307 名前:名無しさん@お腹いっぱい。[sage] 投稿日:2011/05/22(日) 00:53:59.43 ID:Fk6raj470

【SS/大学生京介の同棲疑惑】

桐乃スレ45-140様および145様の構成を元に、勝手ながらSSを作成いたしました。
妄想主の希望に近い展開であったら幸いです。


――――――――オープニング――――――――――
高校を卒業し、東京都(とっても23区外だけどよ)にある○○大学に通う大学生となった俺、1年半前までは平凡な人生を歩んできた高坂京介。
今、季節は初夏。新生活にも馴染み初め、徐々に勉強漬けだった1年前の生活と180度違う環境を楽しめるようになってきた。

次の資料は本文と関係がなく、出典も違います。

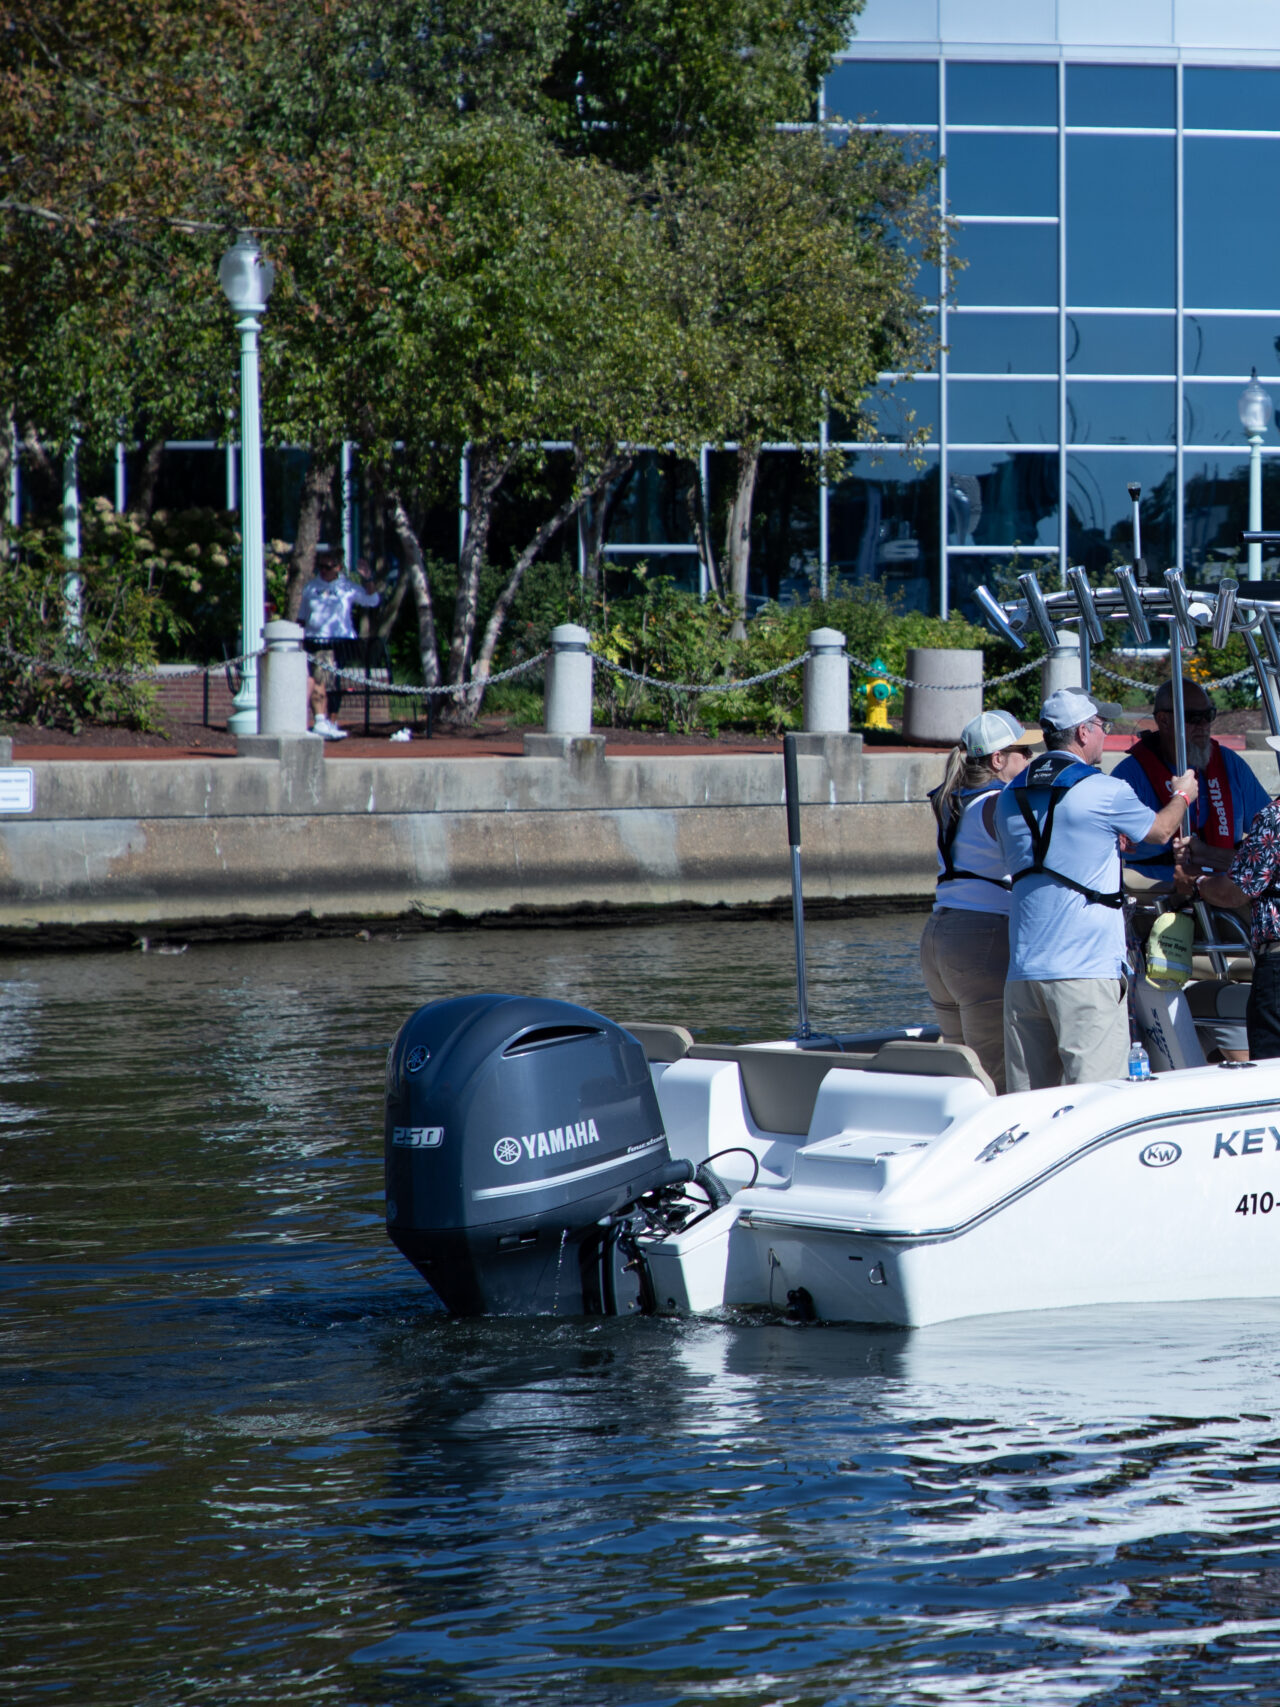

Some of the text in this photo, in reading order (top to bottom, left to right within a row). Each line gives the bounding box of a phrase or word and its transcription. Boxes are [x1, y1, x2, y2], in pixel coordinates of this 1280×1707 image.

そう、当初、入学するはずだった地元の国立大学を蹴り、更にワンランク上の東京の大学を受験し、見事現役で合格した。
こういう風に現状に甘んじず、上を目指そうと思ったのは、一番身近な頑張り屋の影響であることは否定しない。
でも、合格しても浮かれてばっかりにはいかなかった。
それはそれは深刻な二つの問題点があって、その一つが通学するのに1時間半位かかることだ。
通えない距離でもないので、サラリーマンよろしく長距離通学を覚悟した矢先、両親から薦めてもらい自由な一人暮らしすることが許された。
よし、オーケィ、一つ目の問題点はクリアできた。だが、もう一つの問題点である『桐乃』はどうか。
もう自認しているが、重度のシスコン野郎である俺は、桐乃と離ればなれになる事を恐れたわけだ。
しかーし、決して桐乃と毎日逢えなくなるのが淋しくて辛いわけじゃない。あいつに近づく男がいてもブン殴れないのが悔しいのである!!
チクショウ!!こんな事なら麻奈実と一緒の地元大学に入学するんだった!!
桐乃は、そんな俺の気持ちを察してか、大学合格し、一人暮らしをすることが決まった後、こう言ってきた。
「京介、あんたは病的なシスコンだから、あんまり逢えない時間が長いと、久々に帰った来た時に、あたしが襲われるかも知れないし…。だから、毎週そっちに行ってあげるから感謝しなさいね!!」
「ふぇ!!」
「キモい声出すな!!あたしが居ないと寂しくて死んじゃうんでしょ!?あたしも襲われないし、京介も死なないし良いこと尽くめじゃん!!」
顔を焼きリンゴみたいに真っ赤にして俺を励ます桐乃が可愛くて愛おしくて死にそうになった。
「…、桐乃?やっぱり、お前が一番だな!!俺は、桐乃の一番傍に居れて本当に嬉しいぞ!!」
「!!!!!!!!!!!」
不意に抱き着こうとしたら、俺の胸を両手で突き飛ばし、急いでリビングから出て、ドタドタと自室まで戻っていった。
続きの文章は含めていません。